3.      No contexto da interpretação do artigo 207.°, n.° 5, TFUE, que prevê a exclusão da política comercial comum dos acordos internacionais no domínio dos transportes, importa ter em conta o conceito de serviços no domínio dos transportes, que abrange não só os serviços de transporte, considerados enquanto tais, mas também outros serviços, desde que, contudo, estes últimos estejam intrinsecamente ligados ao ato físico de movimentar pessoas ou mercadorias de um local para outro através de um meio de transporte.

A este respeito, quanto aos compromissos contidos no capítulo 8 do Acordo de Comércio Livre entre a União Europeia e a República de Singapura, nem os serviços de reparação e manutenção de aeronaves durante os quais a aeronave é retirada de serviço nem os serviços de venda, comercialização ou reserva de serviços de transporte aéreo, quer sejam prestados por agências de viagens quer por outros prestadores de serviços comerciais, estão intrinsecamente ligados aos serviços de transporte, no sentido acima precisado. Com efeito, em primeiro lugar, os serviços de reparação e manutenção de aeronaves durante os quais a aeronave é retirada de serviço apresentam, quando muito, uma ligação afastada com o ato de movimentar pessoas ou mercadorias de um local para outro. Em segundo lugar, no que respeita aos serviços de venda, comercialização ou reserva de serviços de transporte aéreo, resulta do considerando 33 da Diretiva 2006/123, relativa aos serviços no mercado interno, que os serviços abrangidos por esta diretiva incluem igualmente as agências de viagens, que são os principais promotores desses serviços. Uma vez que os serviços de reparação e manutenção de aeronaves durante os quais a aeronave é retirada de serviço, a venda e comercialização de serviços de transporte aéreo e os serviços de sistemas informatizados de reserva não estão, consequentemente, abrangidos pelo artigo 207.°, n.° 5, TFUE, fazem parte dos serviços previstos no n.° 1 deste artigo.

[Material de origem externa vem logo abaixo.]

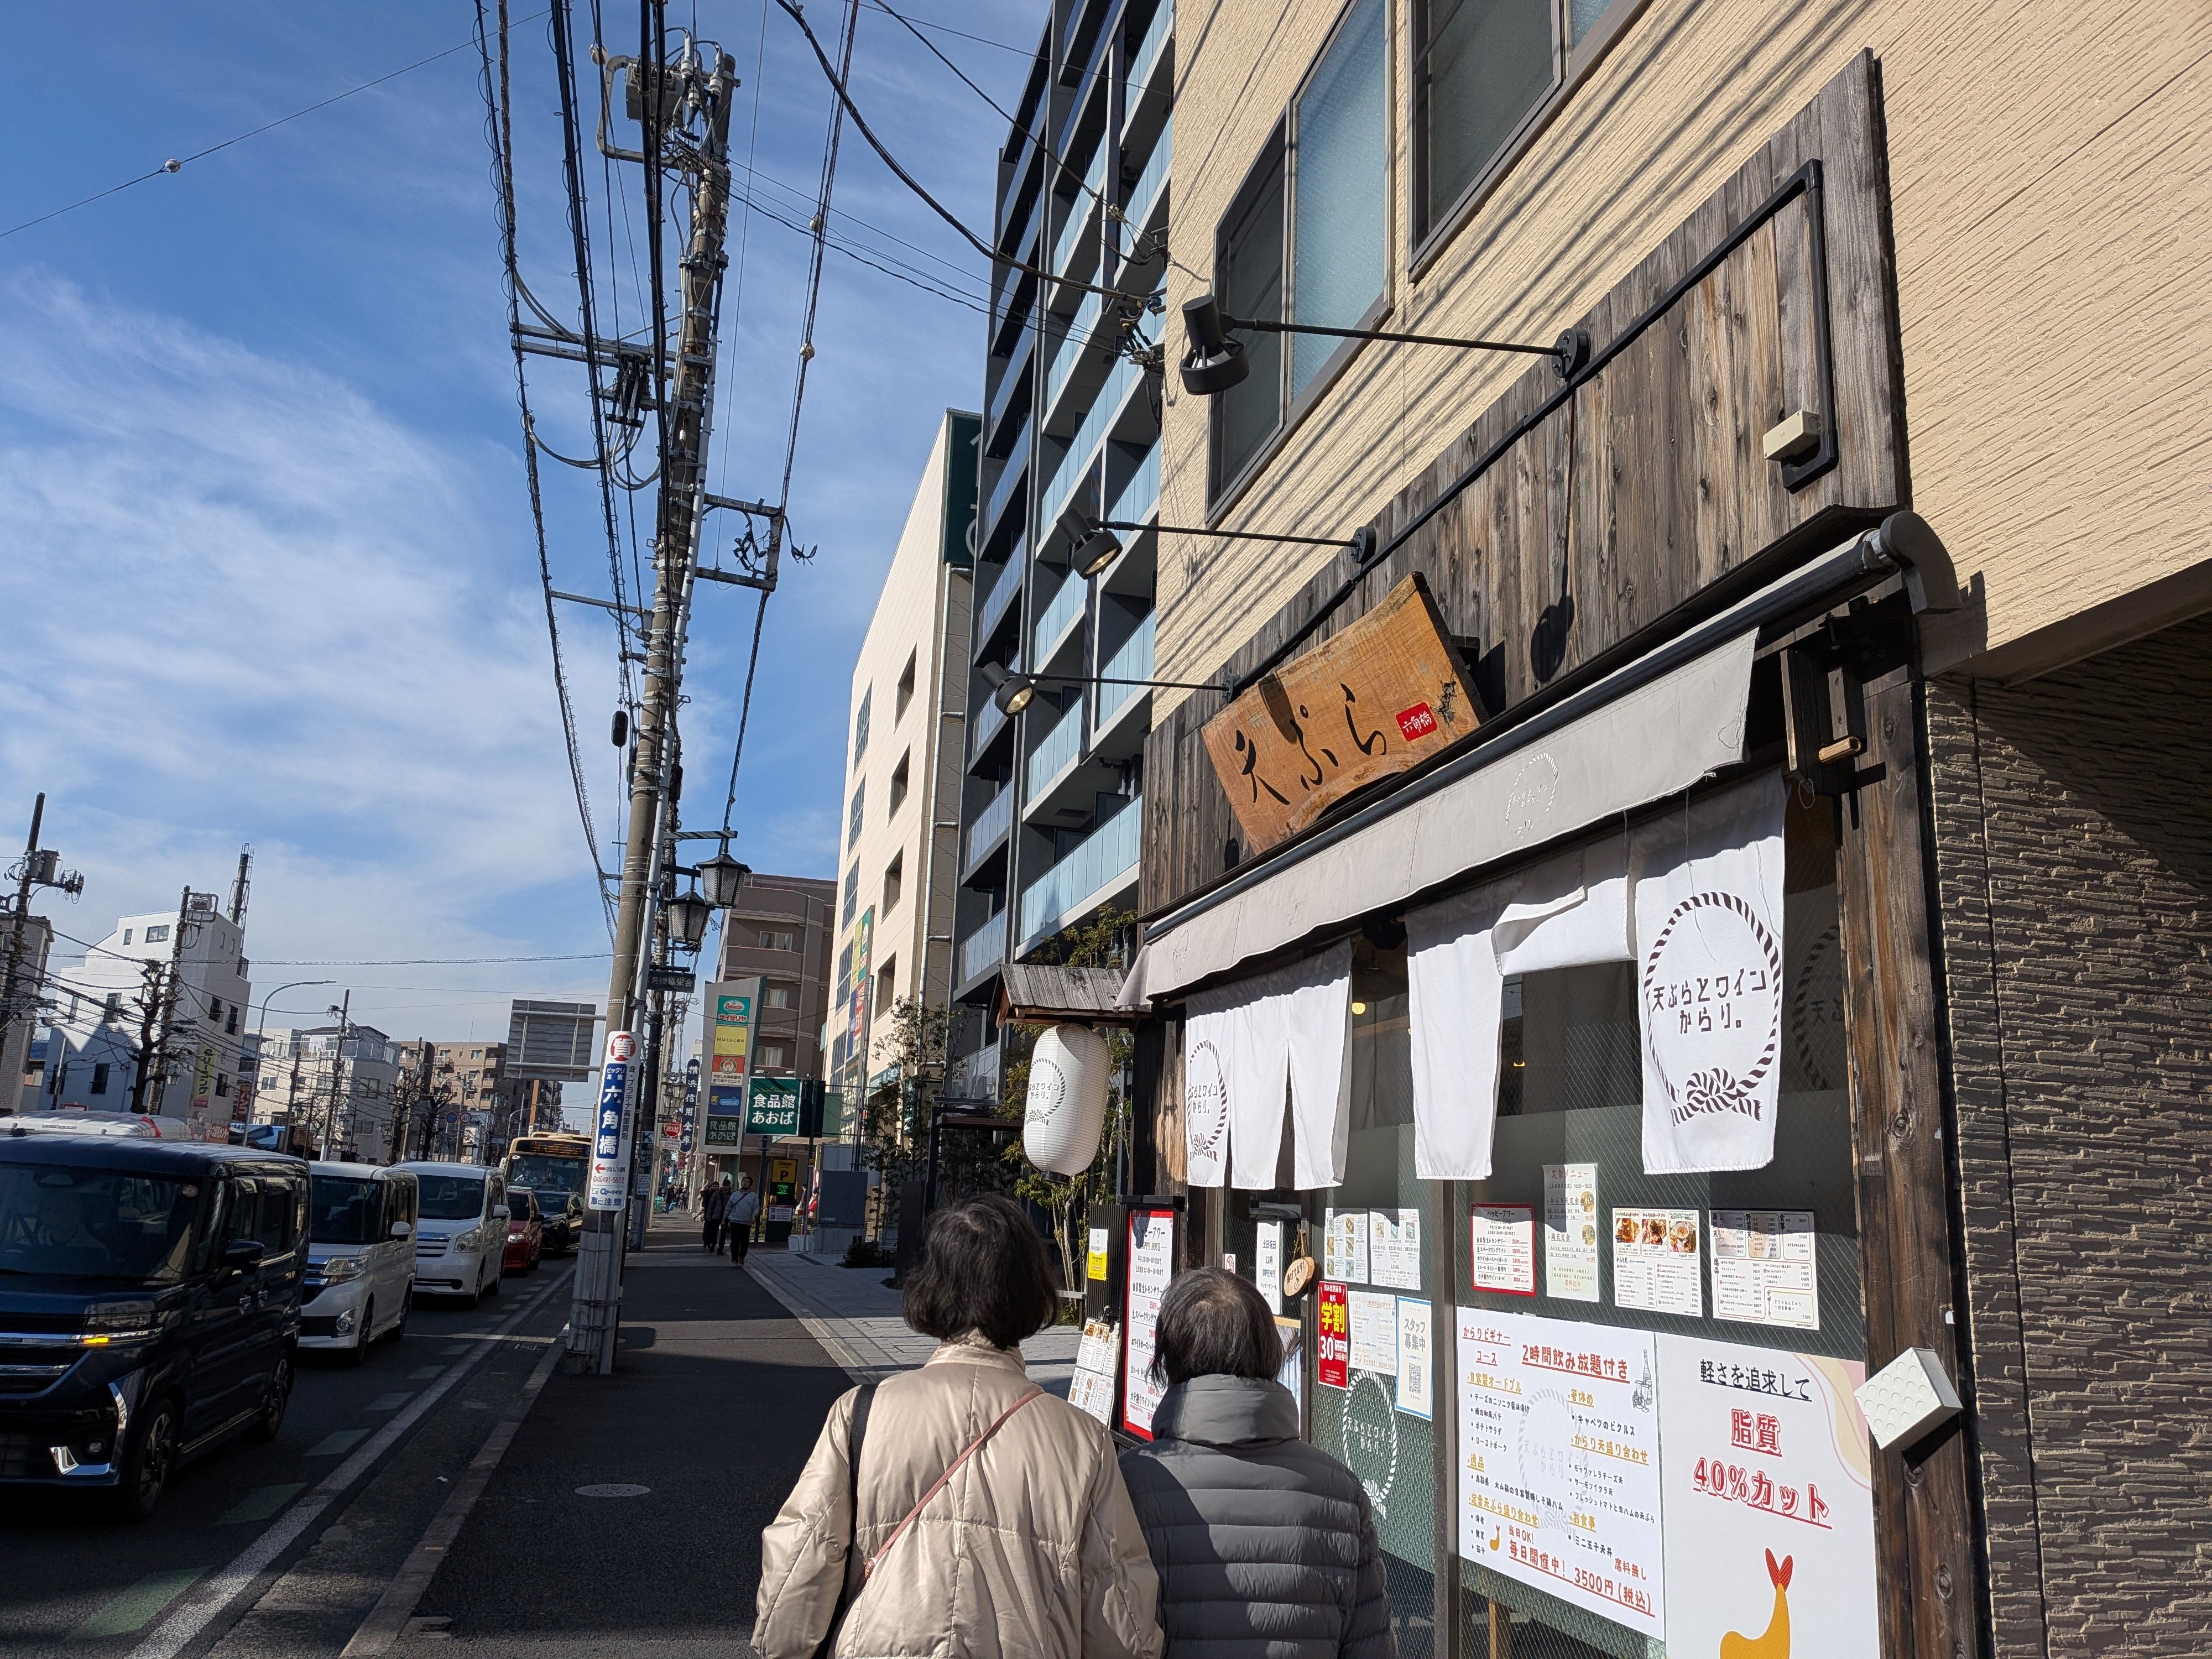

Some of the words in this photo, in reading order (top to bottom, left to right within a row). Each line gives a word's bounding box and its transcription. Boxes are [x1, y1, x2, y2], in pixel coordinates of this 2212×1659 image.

[1401, 710, 1432, 733] 六角橋
[1512, 784, 1547, 804] 天ぷらとイン
[649, 977, 692, 987] 角橋協栄会
[1652, 968, 1767, 1013] 天ぷらとワイン
[1679, 1003, 1741, 1035] からり。
[613, 1038, 633, 1057] 質
[681, 1065, 698, 1146] 横浜信用金庫
[753, 1093, 796, 1108] 食品館
[598, 1085, 623, 1155] 六角橋
[709, 1121, 736, 1130] 食品館
[752, 1111, 795, 1125] あおば
[708, 1132, 735, 1141] あおば
[1552, 1170, 1589, 1179] 定食メニュー
[591, 1197, 622, 1206] 車に注意
[1132, 1308, 1156, 1324] 生スパークリングワ
[1322, 1301, 1345, 1333] 学割
[1405, 1318, 1426, 1333] スタッフ
[1404, 1333, 1426, 1352] 募集中
[1463, 1326, 1510, 1342] からりビギナー
[1321, 1335, 1333, 1360] 30
[1477, 1350, 1497, 1363] コース
[1522, 1344, 1628, 1379] 2時間飲み放題付き
[1470, 1371, 1521, 1392] 自家製オードブル
[1700, 1359, 1811, 1400] 軽さを追求して
[1475, 1394, 1529, 1413] チーズのニンニク醤油漬け
[1571, 1389, 1593, 1405] 箸休め
[1476, 1421, 1502, 1436] ポテトサラダ
[1578, 1415, 1635, 1436] キャベツのピクルス
[1731, 1408, 1781, 1453] 脂質
[1477, 1437, 1507, 1452] ローストポーク
[1575, 1434, 1647, 1463] からり天盛り合わせ
[1470, 1453, 1484, 1468] 逸品
[1476, 1474, 1489, 1486] 鳥取県
[1575, 1479, 1613, 1496] サーモンイクラ天
[1694, 1457, 1829, 1522] 40%カット
[1471, 1493, 1538, 1526] 定番天ぷら盛り合わせ
[1575, 1493, 1655, 1524] フレッシュトマトと生ハムの天ぷら
[1573, 1512, 1595, 1529] お食事
[1509, 1525, 1533, 1545] 当日OK!
[1575, 1536, 1612, 1557] ミニ玉子天丼
[1509, 1540, 1566, 1577] 毎日開催中!
[1614, 1557, 1647, 1580] 席料無し

Do mesmo modo, no que respeita ao capítulo 10 do Acordo de Comércio Livre entre a União Europeia e a República de Singapura, este tem por objetivo específico determinar as modalidades segundo as quais os operadores económicos de cada Parte podem participar no procedimento de adjudicação de contratos organizado pelos poderes públicos da outra Parte. Uma vez que tais modalidades assentam em considerações de acesso não discriminatório, de transparência e de eficácia, poderão ter efeitos diretos e imediatos no comércio de mercadorias e de serviços entre as Partes. Consequentemente, o capítulo 10 do referido acordo é da competência exclusiva da União, nos termos do artigo 3.°, n.° 1, alínea e), TFUE, com a reserva, contudo dos contratos públicos de serviços de transporte marítimo internacional, de transporte ferroviário, de transporte rodoviário e de transporte por vias interiores navegáveis, bem como dos contratos públicos de serviços intrinsecamente ligados a estes serviços de transporte, tais como os enumerados nos n.os 11 e 12 dos apêndices 8‑A‑1 e 8‑B‑1, bem como nos n.os 16 e 17 dos apêndices 8‑A‑2 e 8‑A‑3 dos anexos do capítulo 8 do referido acordo.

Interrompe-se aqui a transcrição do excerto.